> _WORK TO COMPLETE_:
Without any of its pictures, the listing below should be output exactly.

> _SUPPLIED ENTRIES_:
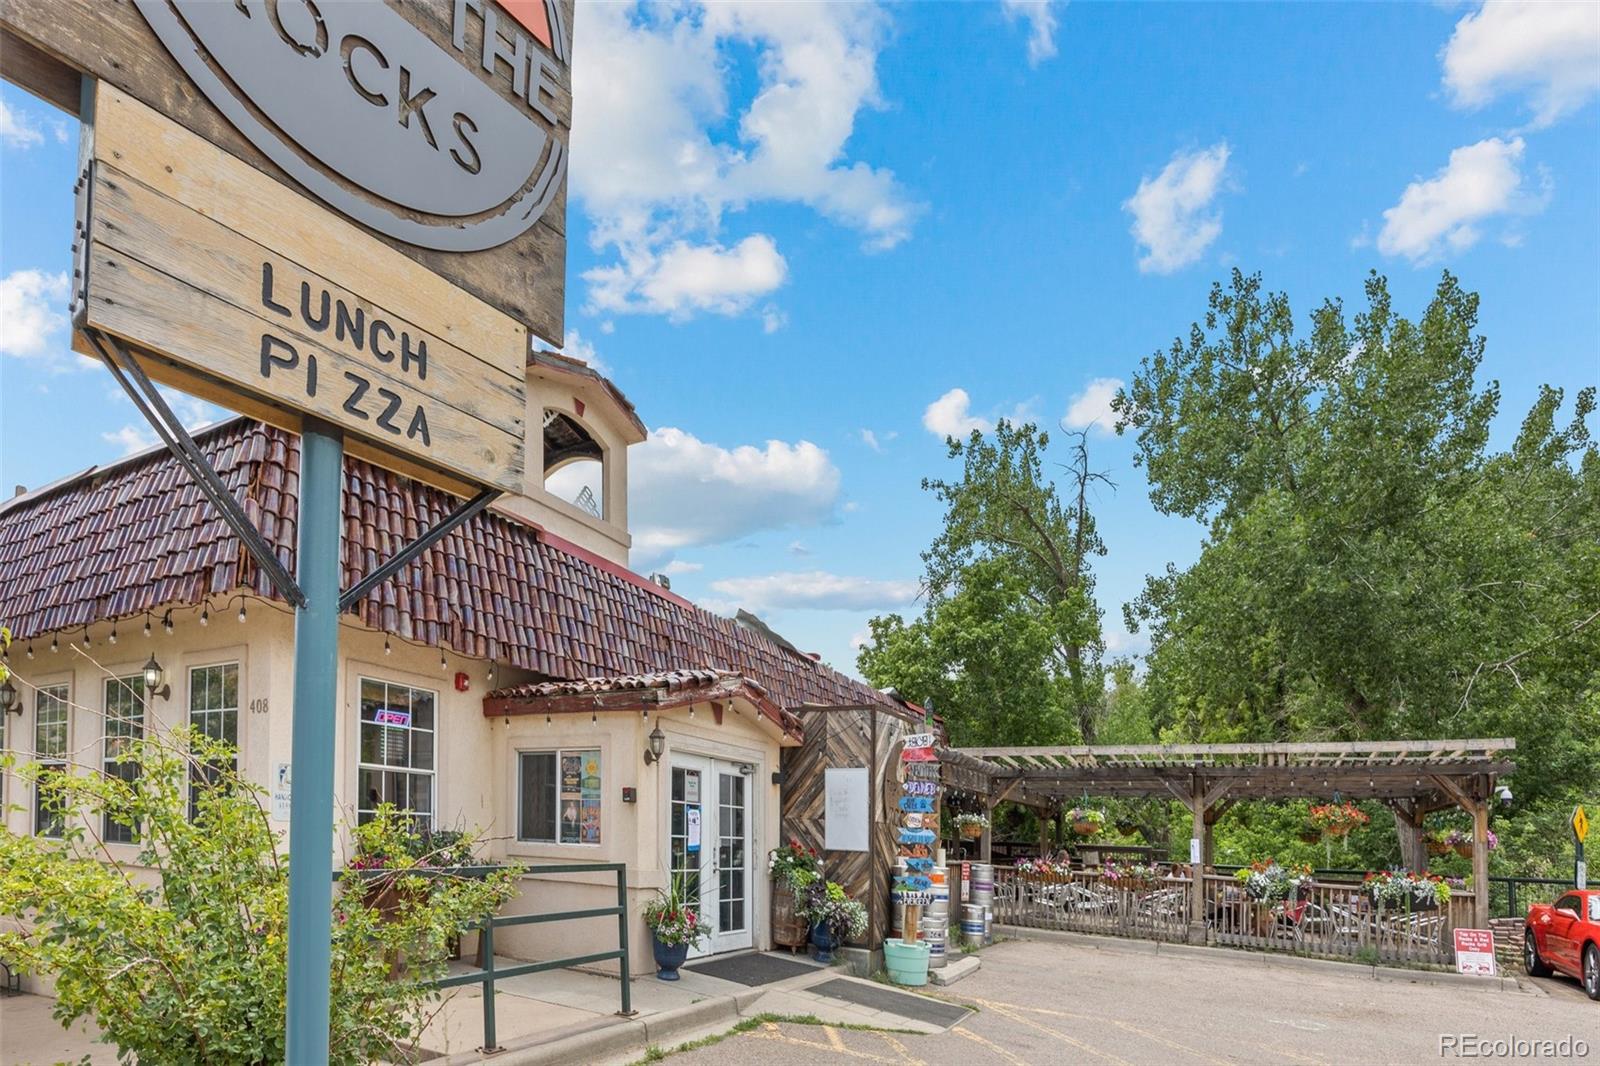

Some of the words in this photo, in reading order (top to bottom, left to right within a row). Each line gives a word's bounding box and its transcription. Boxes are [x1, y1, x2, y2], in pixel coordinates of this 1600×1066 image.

[234, 0, 482, 175] OCKS
[451, 0, 561, 126] THE
[262, 262, 427, 381] LUNCH
[260, 333, 431, 447] PIZZA
[249, 698, 269, 714] 408
[379, 712, 407, 725] OPEN
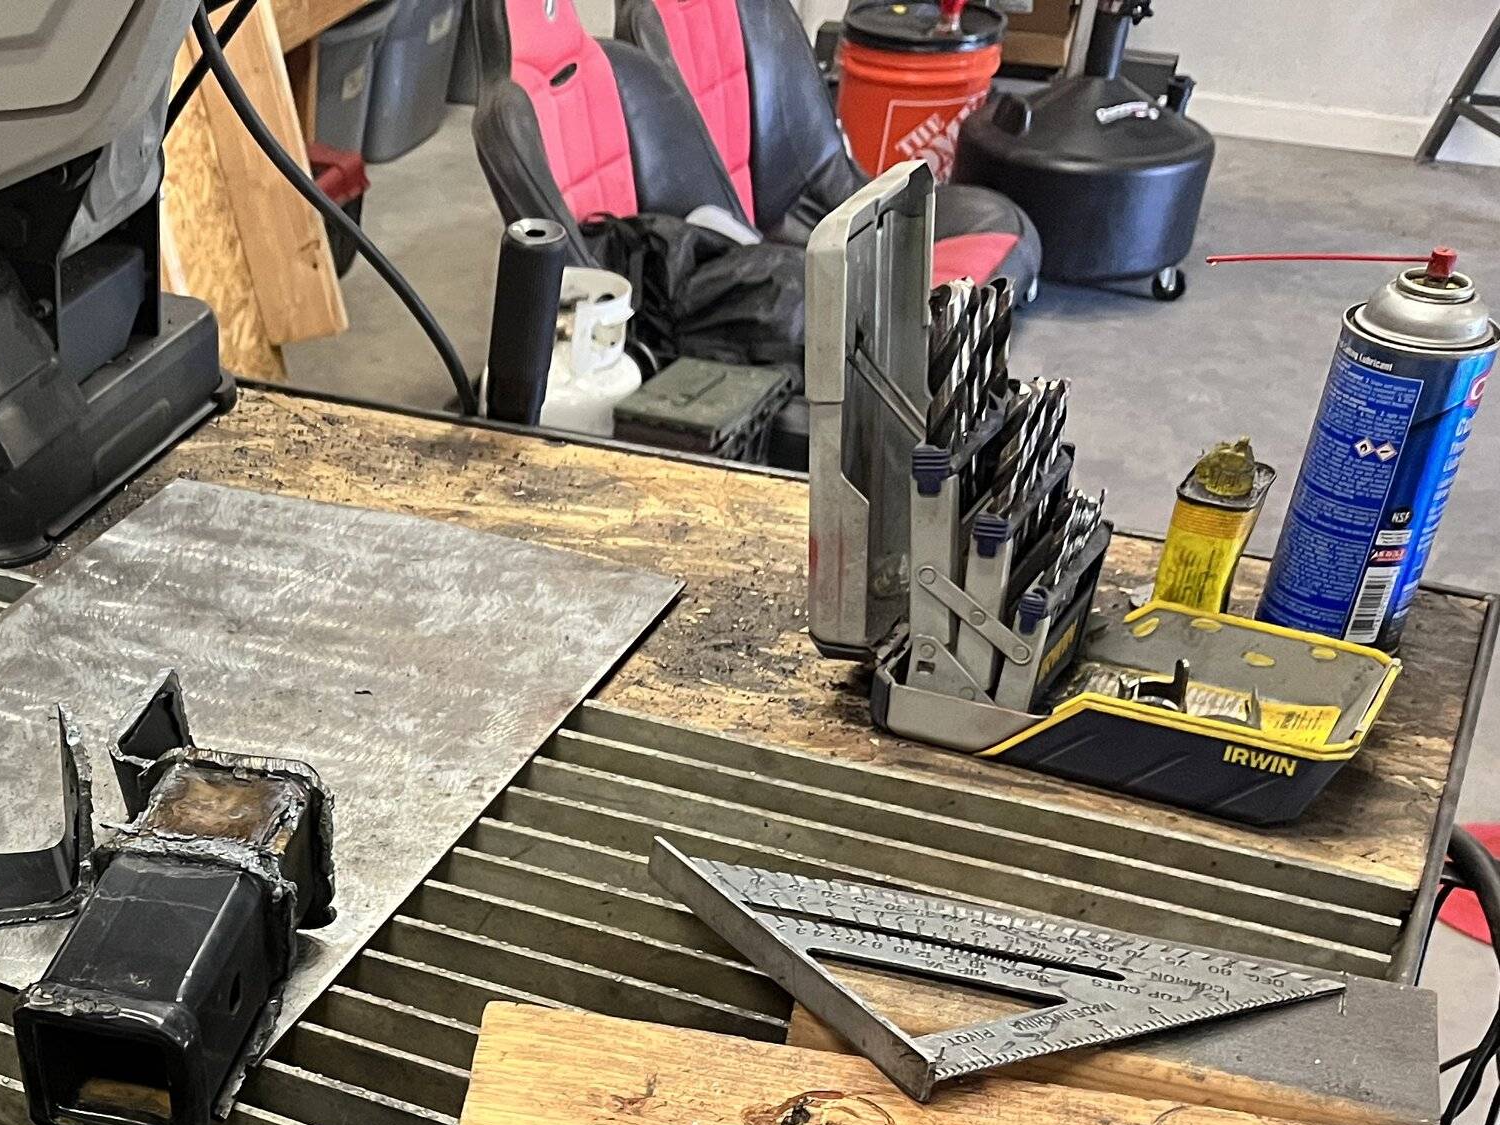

> _FINAL ANSWER_:
Some of the words in this photo, in reading order (top to bottom, left to right within a row). Each line gives a word's bounding box and its transcription. Boxes are [x1, y1, x2, y2], in pixel coordinates of this 1600×1066 image.

[234, 0, 482, 175] OCKS
[451, 0, 561, 126] THE
[262, 262, 427, 381] LUNCH
[260, 333, 431, 447] PIZZA
[249, 698, 269, 714] 408
[379, 712, 407, 725] OPEN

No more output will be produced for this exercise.